My friend keeps telling me, that real hackers speak assembly fluently. Are you a real hacker? Decode this string: “IVyN5U3X)ZUMYCs”
Attachment: rev50.zip

Exploit

README.txt
User Text Segment [00400000]..[00440000]
[00400000] 8fa40000 lw $4, 0($29) ; 183: lw $a0 0($sp) # argc
[00400004] 27a50004 addiu $5, $29, 4 ; 184: addiu $a1 $sp 4 # argv
[00400008] 24a60004 addiu $6, $5, 4 ; 185: addiu $a2 $a1 4 # envp
[0040000c] 00041080 sll $2, $4, 2 ; 186: sll $v0 $a0 2
[00400010] 00c23021 addu $6, $6, $2 ; 187: addu $a2 $a2 $v0
[00400014] 0c100009 jal 0x00400024 [main] ; 188: jal main
[00400018] 00000000 nop ; 189: nop
[0040001c] 3402000a ori $2, $0, 10 ; 191: li $v0 10
[00400020] 0000000c syscall ; 192: syscall # syscall 10 (exit)
[00400024] 3c081001 lui $8, 4097 [flag] ; 7: la $t0, flag
[00400028] 00004821 addu $9, $0, $0 ; 8: move $t1, $0
[0040002c] 3401000f ori $1, $0, 15 ; 11: sgt $t2, $t1, 15
[00400030] 0029502a slt $10, $1, $9
[00400034] 34010001 ori $1, $0, 1 ; 12: beq $t2, 1, exit
[00400038] 102a0007 beq $1, $10, 28 [exit-0x00400038]
[0040003c] 01095020 add $10, $8, $9 ; 14: add $t2, $t0, $t1
[00400040] 81440000 lb $4, 0($10) ; 15: lb $a0, ($t2)
[00400044] 00892026 xor $4, $4, $9 ; 16: xor $a0, $a0, $t1
[00400048] a1440000 sb $4, 0($10) ; 17: sb $a0, 0($t2)
[0040004c] 21290001 addi $9, $9, 1 ; 19: add $t1, $t1, 1
[00400050] 0810000b j 0x0040002c [for] ; 20: j for
[00400054] 00082021 addu $4, $0, $8 ; 24: move $a0, $t0
[00400058] 0c100019 jal 0x00400064 [printstring]; 25: jal printstring
[0040005c] 3402000a ori $2, $0, 10 ; 26: li $v0, 10
[00400060] 0000000c syscall ; 27: syscall
[00400064] 34020004 ori $2, $0, 4 ; 30: li $v0, 4
[00400068] 0000000c syscall ; 31: syscall
[0040006c] 03e00008 jr $31 ; 32: jr $ra

As the title suggests, this is a MIPS assembly file (SPIM is a MIPS simulator).

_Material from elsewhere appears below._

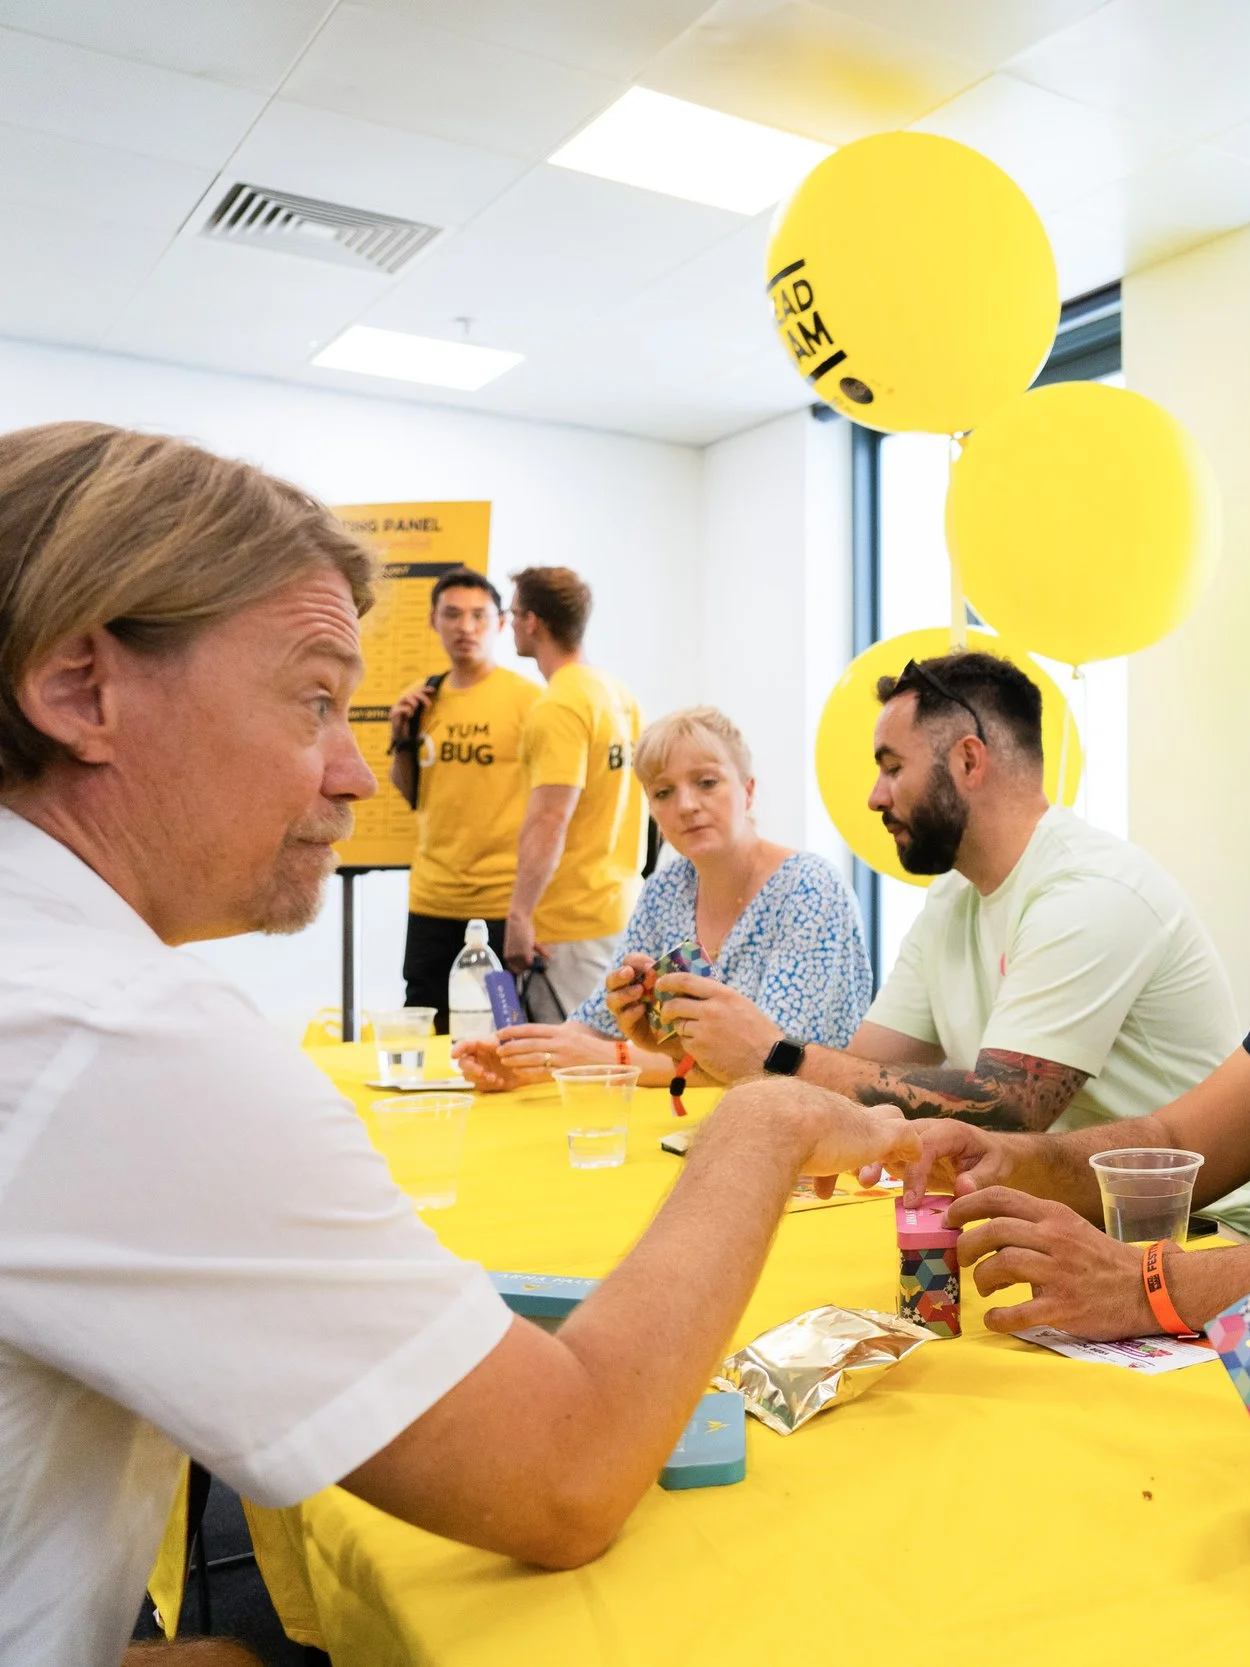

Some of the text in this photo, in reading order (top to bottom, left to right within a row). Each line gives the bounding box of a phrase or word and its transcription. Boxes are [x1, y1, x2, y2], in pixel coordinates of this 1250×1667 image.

The key instruction is xor $a0, $a0, $t1. This program uses a loop to xor every charactor with the counter. We can decode it as follw.

decode.pydownload
1
2
enc = 'IVyN5U3X)ZUMYCs'
print ''.join([chr(ord(c)^i) for i, c in enumerate(enc)])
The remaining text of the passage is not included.